WHAT YOU HAVE TO DO
Repeat what the lines below say, word for word, and skip every image.

(Phrase grounding data)
..........

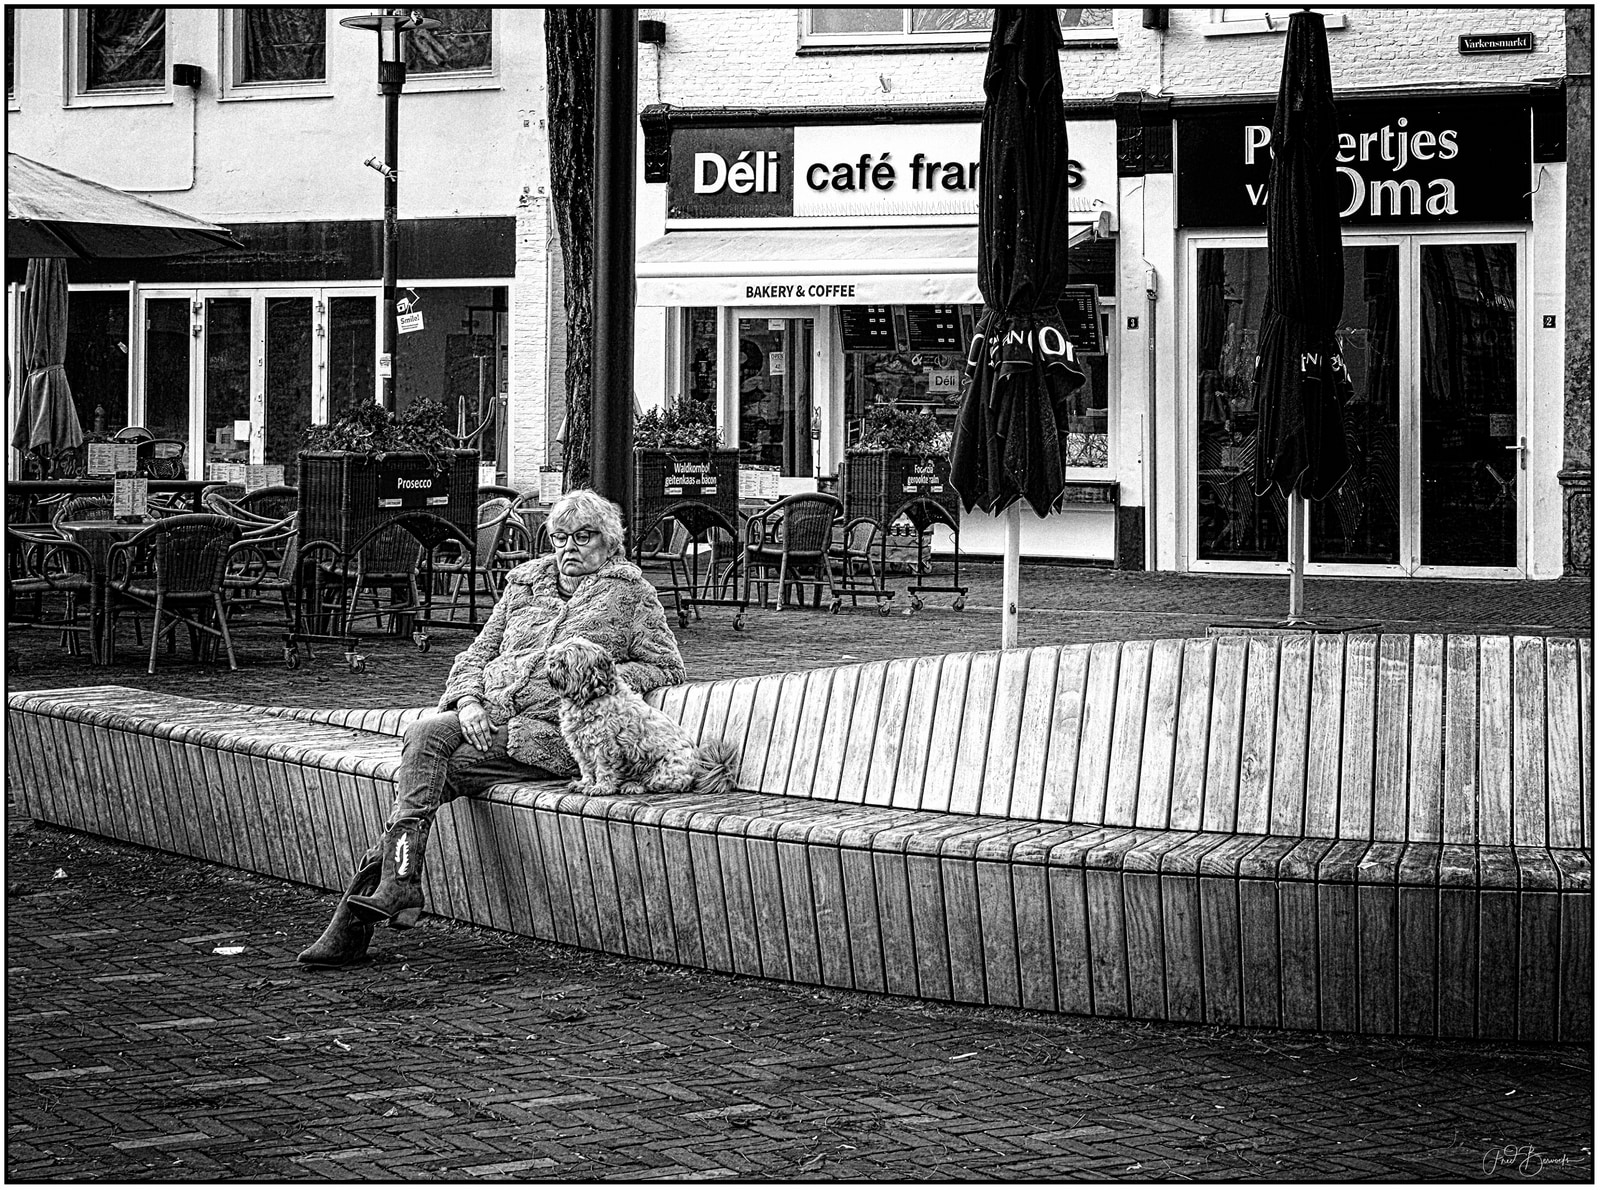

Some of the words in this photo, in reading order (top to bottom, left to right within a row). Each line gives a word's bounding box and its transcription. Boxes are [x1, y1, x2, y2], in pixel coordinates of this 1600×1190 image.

[1464, 37, 1527, 49] Varkensmarkt
[1245, 117, 1459, 172] Pertjes
[694, 150, 778, 193] Déli
[806, 152, 896, 191] café
[909, 153, 1084, 191] frans
[746, 285, 794, 298] BAKERY
[796, 285, 806, 297] &
[808, 284, 856, 297] COFFEE
[401, 314, 420, 324] Smile!
[1130, 318, 1136, 328] 3
[1546, 317, 1553, 326] 2
[935, 375, 956, 386] Déli
[397, 477, 432, 489] Prosecco
[701, 472, 717, 485] bacon

..........

EXERCISE RESPONSE
Some of the words in this photo, in reading order (top to bottom, left to right within a row). Each line gives a word's bounding box and its transcription. Boxes are [x1, y1, x2, y2], in pixel coordinates of this 1600×1190 image.

[1464, 37, 1527, 49] Varkensmarkt
[1245, 117, 1459, 172] Pertjes
[694, 150, 778, 193] Déli
[806, 152, 896, 191] café
[909, 153, 1084, 191] frans
[746, 285, 794, 298] BAKERY
[796, 285, 806, 297] &
[808, 284, 856, 297] COFFEE
[401, 314, 420, 324] Smile!
[1130, 318, 1136, 328] 3
[1546, 317, 1553, 326] 2
[935, 375, 956, 386] Déli
[397, 477, 432, 489] Prosecco
[701, 472, 717, 485] bacon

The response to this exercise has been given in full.